## About this exercise
Whenever a line in the records below contains "アイフル", pick it out.

__________________________________________________

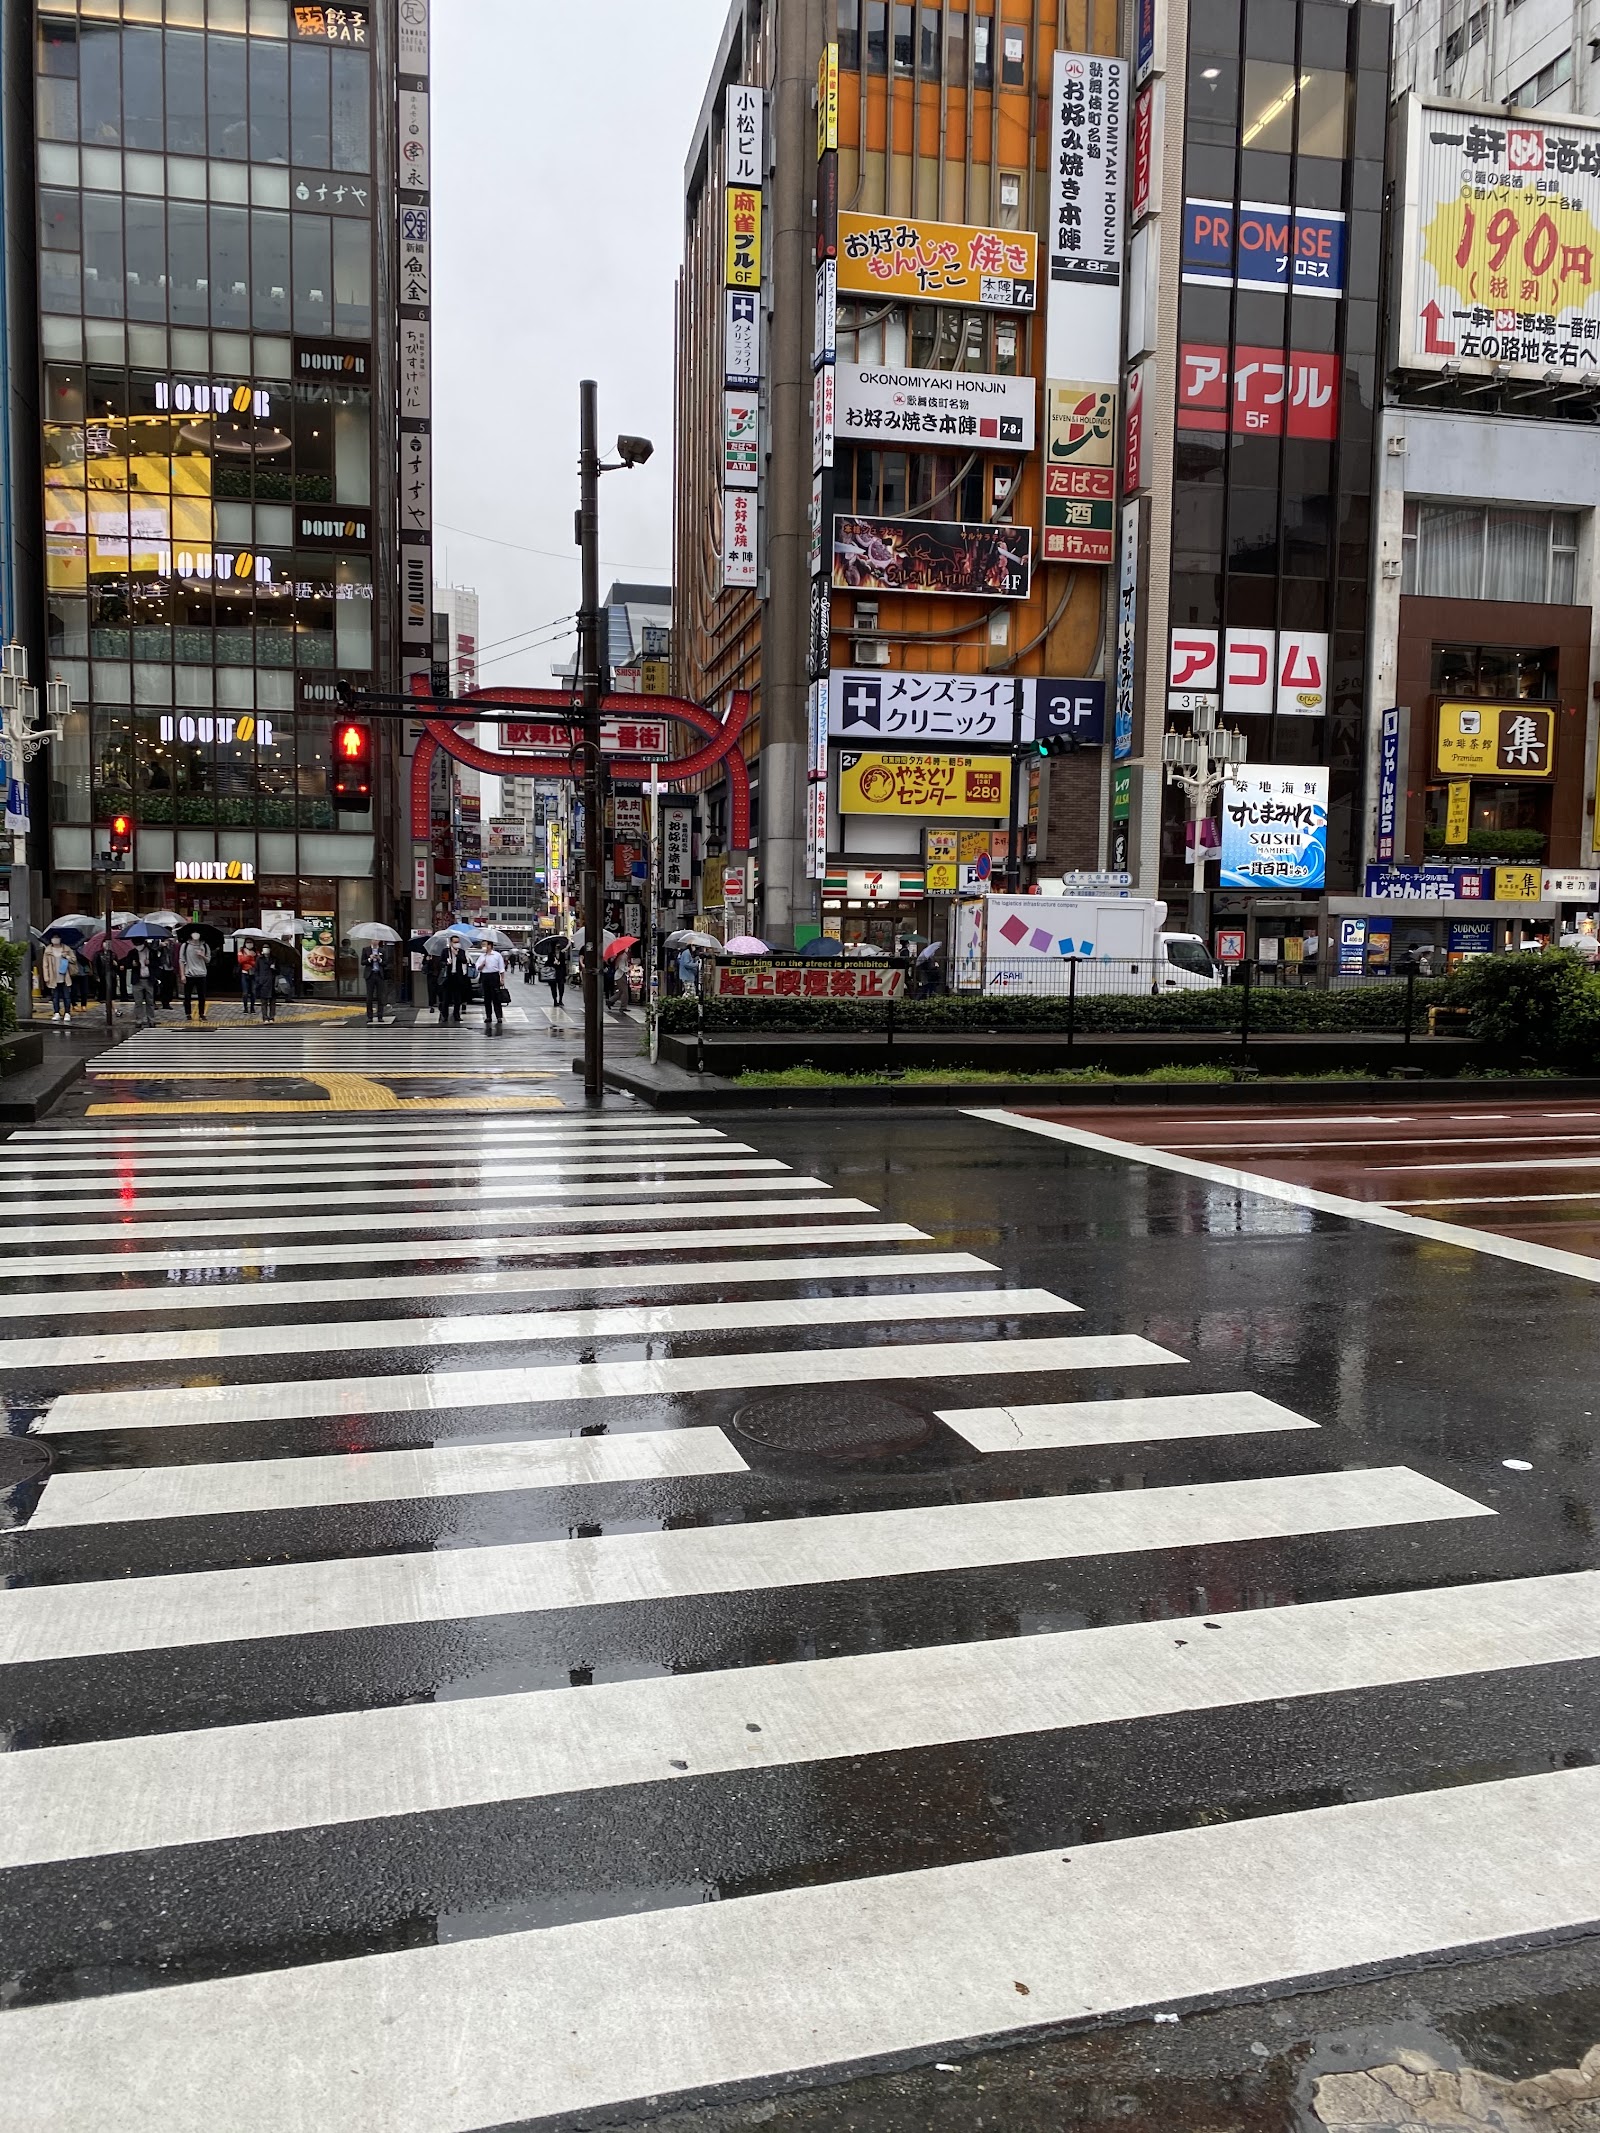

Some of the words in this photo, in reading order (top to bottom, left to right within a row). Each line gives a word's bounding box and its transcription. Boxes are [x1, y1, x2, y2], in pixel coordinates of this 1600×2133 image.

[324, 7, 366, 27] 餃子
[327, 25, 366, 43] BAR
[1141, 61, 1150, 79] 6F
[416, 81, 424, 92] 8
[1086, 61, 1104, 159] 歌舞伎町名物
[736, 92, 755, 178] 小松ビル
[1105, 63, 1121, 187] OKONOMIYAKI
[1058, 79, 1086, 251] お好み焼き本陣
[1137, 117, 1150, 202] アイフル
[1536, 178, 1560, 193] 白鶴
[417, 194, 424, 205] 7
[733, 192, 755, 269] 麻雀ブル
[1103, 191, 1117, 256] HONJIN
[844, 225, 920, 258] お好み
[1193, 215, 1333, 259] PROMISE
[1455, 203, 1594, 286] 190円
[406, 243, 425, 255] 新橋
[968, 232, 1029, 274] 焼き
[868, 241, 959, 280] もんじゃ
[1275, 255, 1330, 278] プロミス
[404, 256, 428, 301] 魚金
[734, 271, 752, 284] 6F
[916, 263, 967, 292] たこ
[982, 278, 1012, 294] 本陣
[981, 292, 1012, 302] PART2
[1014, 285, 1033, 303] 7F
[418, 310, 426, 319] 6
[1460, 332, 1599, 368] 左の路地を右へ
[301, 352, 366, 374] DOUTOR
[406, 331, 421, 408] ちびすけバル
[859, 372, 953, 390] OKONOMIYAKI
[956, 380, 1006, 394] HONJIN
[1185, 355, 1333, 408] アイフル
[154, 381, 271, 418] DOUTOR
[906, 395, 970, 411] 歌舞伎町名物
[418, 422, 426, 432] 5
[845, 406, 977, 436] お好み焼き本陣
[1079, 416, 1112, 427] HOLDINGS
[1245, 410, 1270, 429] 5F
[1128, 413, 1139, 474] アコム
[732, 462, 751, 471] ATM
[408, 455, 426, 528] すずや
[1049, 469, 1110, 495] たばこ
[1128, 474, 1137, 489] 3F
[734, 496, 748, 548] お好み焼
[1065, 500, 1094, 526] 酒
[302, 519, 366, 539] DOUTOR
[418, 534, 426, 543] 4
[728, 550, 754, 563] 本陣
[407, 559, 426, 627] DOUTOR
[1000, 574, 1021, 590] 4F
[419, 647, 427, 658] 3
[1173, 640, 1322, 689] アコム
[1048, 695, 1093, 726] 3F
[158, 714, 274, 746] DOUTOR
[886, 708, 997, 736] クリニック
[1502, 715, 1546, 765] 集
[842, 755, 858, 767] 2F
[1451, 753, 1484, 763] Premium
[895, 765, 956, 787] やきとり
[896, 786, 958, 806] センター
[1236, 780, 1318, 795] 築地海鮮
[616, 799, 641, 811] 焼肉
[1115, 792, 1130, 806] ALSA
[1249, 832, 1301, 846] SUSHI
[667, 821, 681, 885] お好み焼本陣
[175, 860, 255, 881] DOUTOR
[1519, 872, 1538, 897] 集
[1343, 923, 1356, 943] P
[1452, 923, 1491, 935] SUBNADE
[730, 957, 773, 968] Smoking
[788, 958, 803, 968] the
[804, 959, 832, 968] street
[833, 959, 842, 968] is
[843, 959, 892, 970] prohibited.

__________________________________________________

## Response area
[1137, 117, 1150, 202] アイフル
[1185, 355, 1333, 408] アイフル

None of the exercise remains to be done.